No…the reason it gets harder and harder to write good songs
is that I seem to discover more and more rules. I see what people say about my records and my songs. It’s hard not to see it, because you’re trying to pass it along to others. I think I have a pretty thick skin in that I don’t take it personally. (After all you can’t criticize a critic for critiquing a record that you sent him to critique.) But when it is time to sit down and CREATE again…that stuff comes creeping back in. You play a riff and you think, “That’s a cool starting place.” and you hear a voice that says, “…retreading Rolling Stone licks isn’t country…” and you think, “Wait. Is that just a Rolling Stone lick? That isn’t really country, is it? That rhythm is too rock, and it takes the song too far away from what most people think of as honky tonk. Damn, maybe that isn’t good. Do we have any beer?”

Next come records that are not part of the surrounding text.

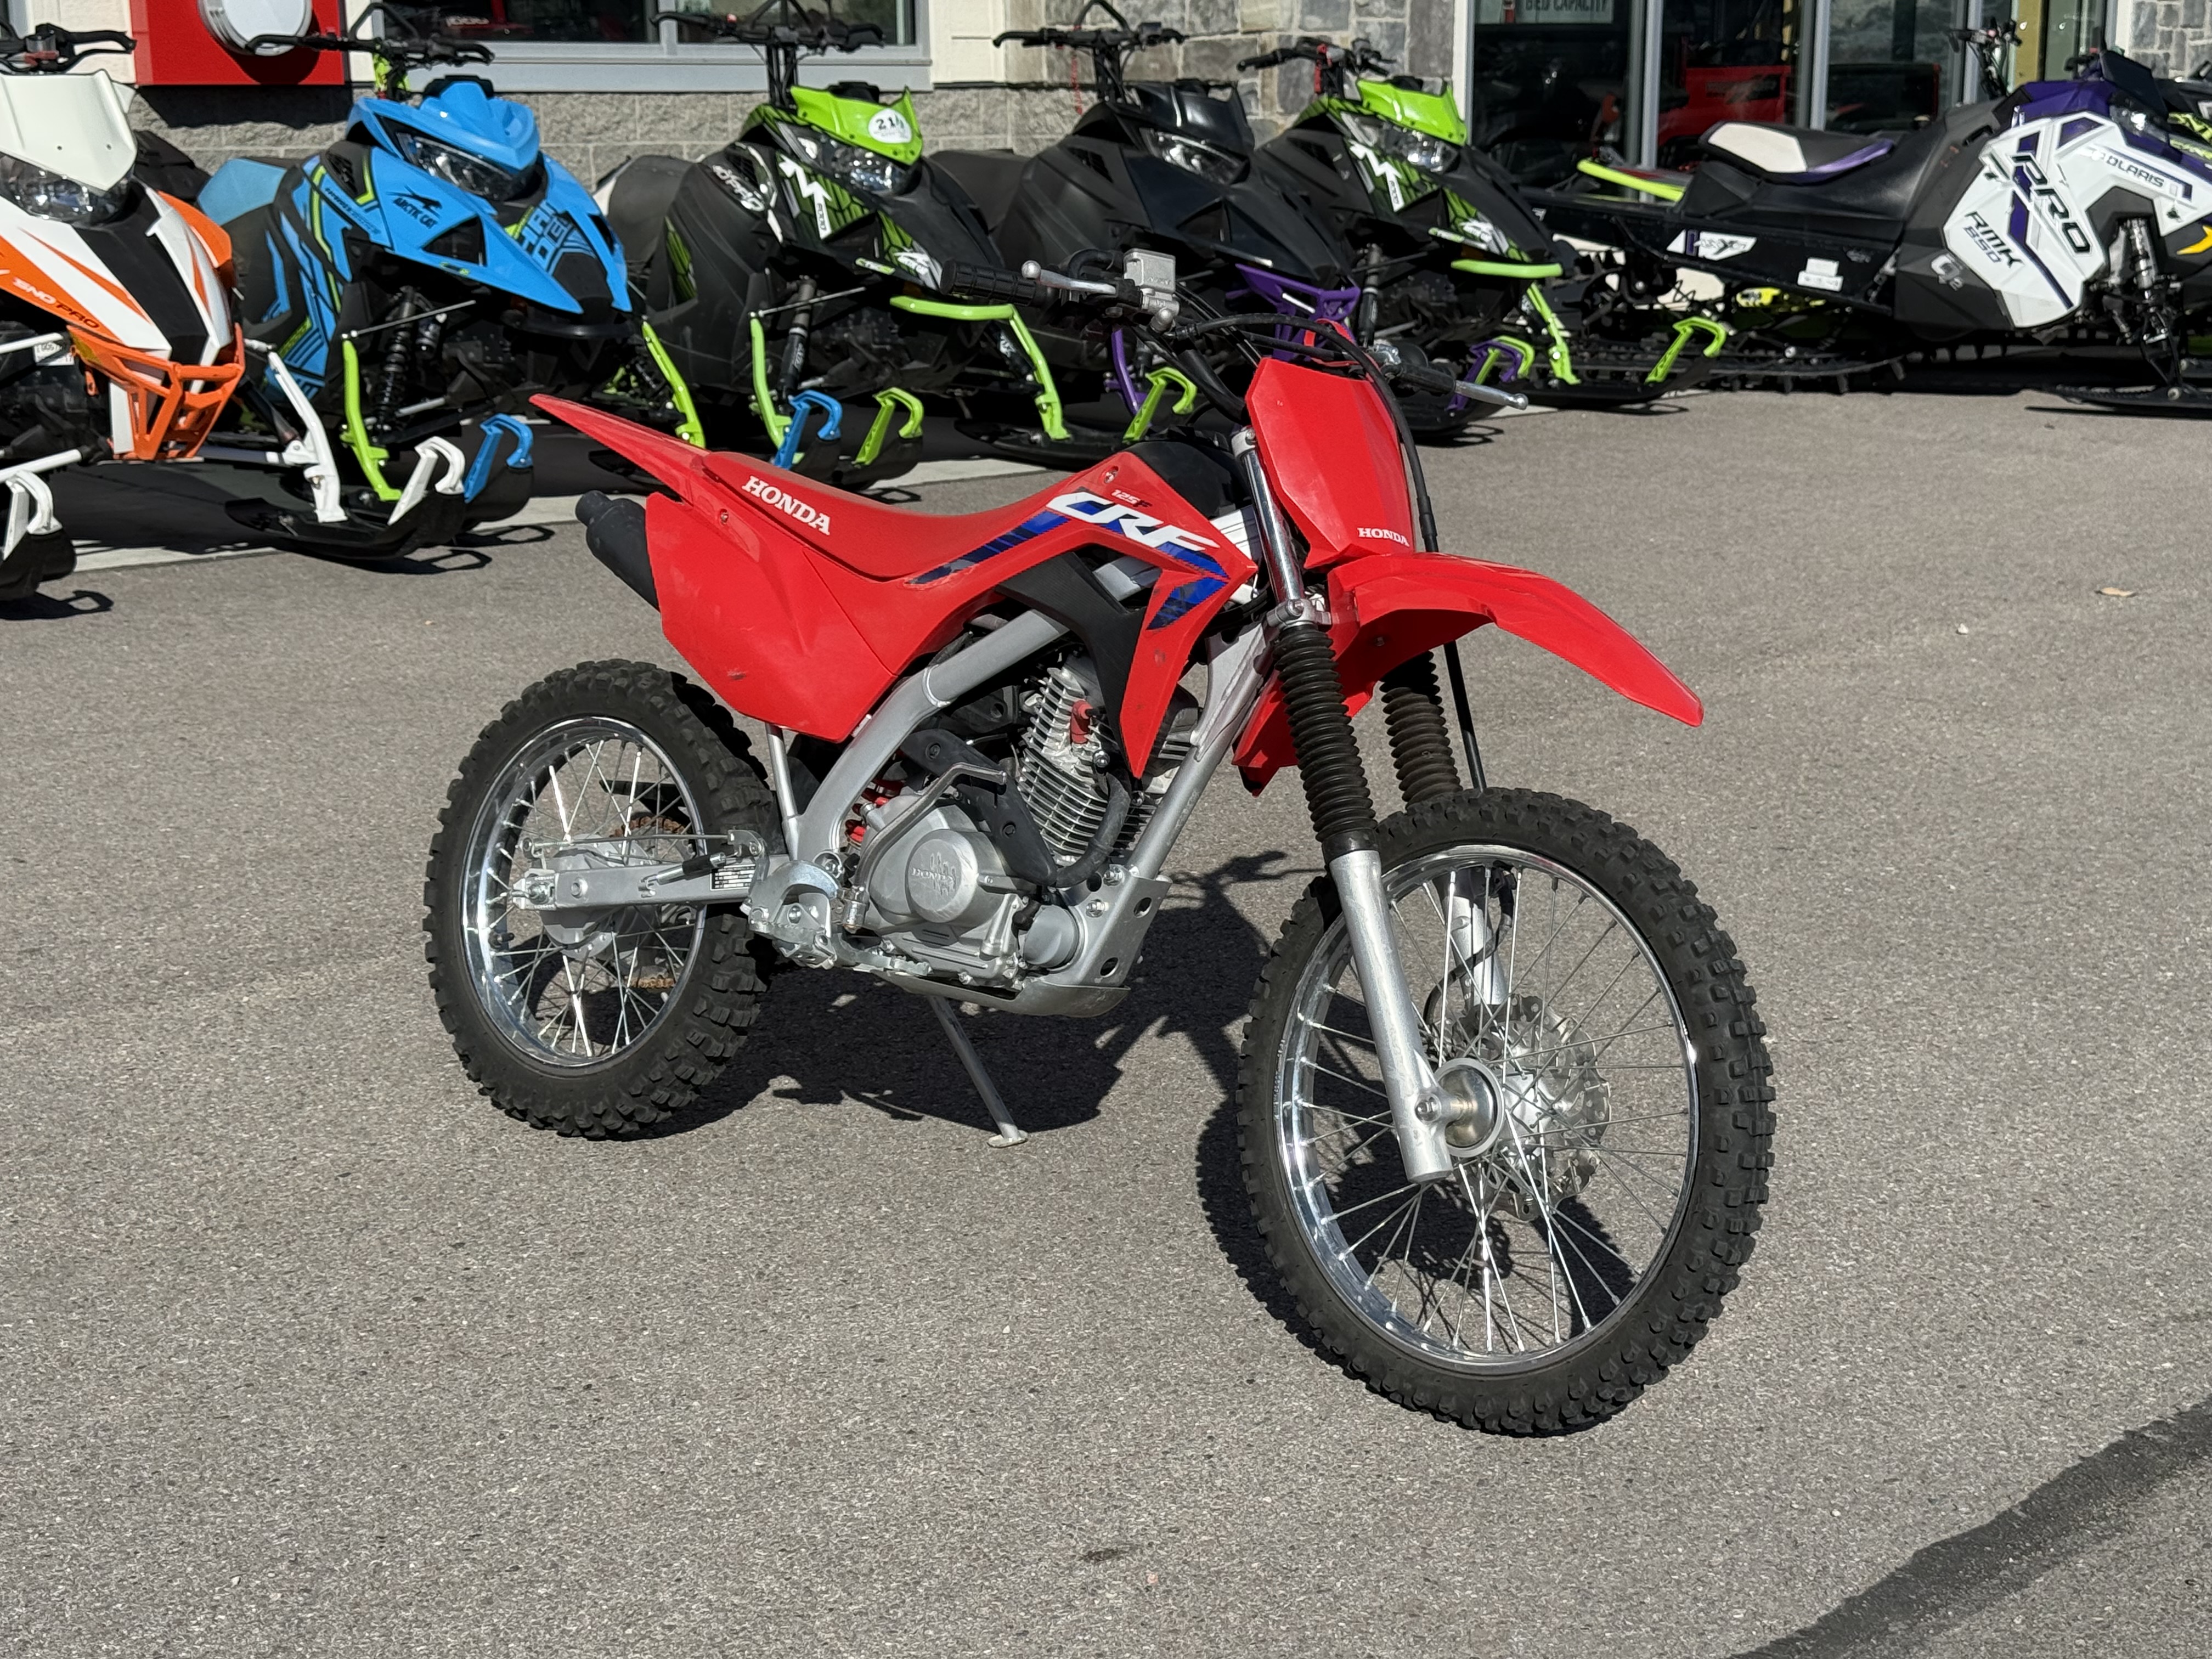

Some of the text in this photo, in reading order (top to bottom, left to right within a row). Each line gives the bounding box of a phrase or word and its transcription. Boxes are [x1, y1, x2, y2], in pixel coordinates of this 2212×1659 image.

[393, 197, 438, 229] ARCTIC CAT
[2011, 154, 2091, 253] PRO
[1965, 211, 2024, 268] RMK
[56, 300, 100, 329] PRO
[742, 475, 830, 535] HONDA
[1046, 492, 1220, 551] CRF
[1357, 528, 1410, 547] HONDA
[911, 867, 953, 882] HONDA

You come up with a title that sounds interesting and you jot down a first line. Then you think, “That sounds mean. I sure have taken a lot of criticism for being mean. Maybe I shouldn’t write that. Is music supposed to be mean? Buck Owens wasn’t mean. Shit, do we have any beer?”

And sometimes you think…WHO CARES I’LL JUST DO WHAT I WANT. But if you do, and you finish, you still think, “You know my kind of country music can’t be like that. We could play the song…but doesn’t it just confuse the audience?” I suppose some writers are just like a machine that cranks out a clean and pure type of song. No questions. No variation. I can’t do it. I have a desire to wiggle around a little. Twist it. Turn it. And over time it’s easy to take the feedback that you’ve violated some sacred rules of songwriting for a particular genre. There are lots of rules, and as time goes on I seem to find a way to violate them all - “too slick”, “too dumb”, “too mean”, “too funny”, “too traditional”, “not traditional enough”. And of course…all the feedback could be right.

So, we’ll see how it goes. I’m hammering away now. It gets harder and harder. But I get more and more determined. I love this quote from Samuel Beckett.

“Perhaps my best years are gone. When there was a chance of happiness. But I wouldn’t want them back. Not with the fire in me now. No, I wouldn’t want them back.”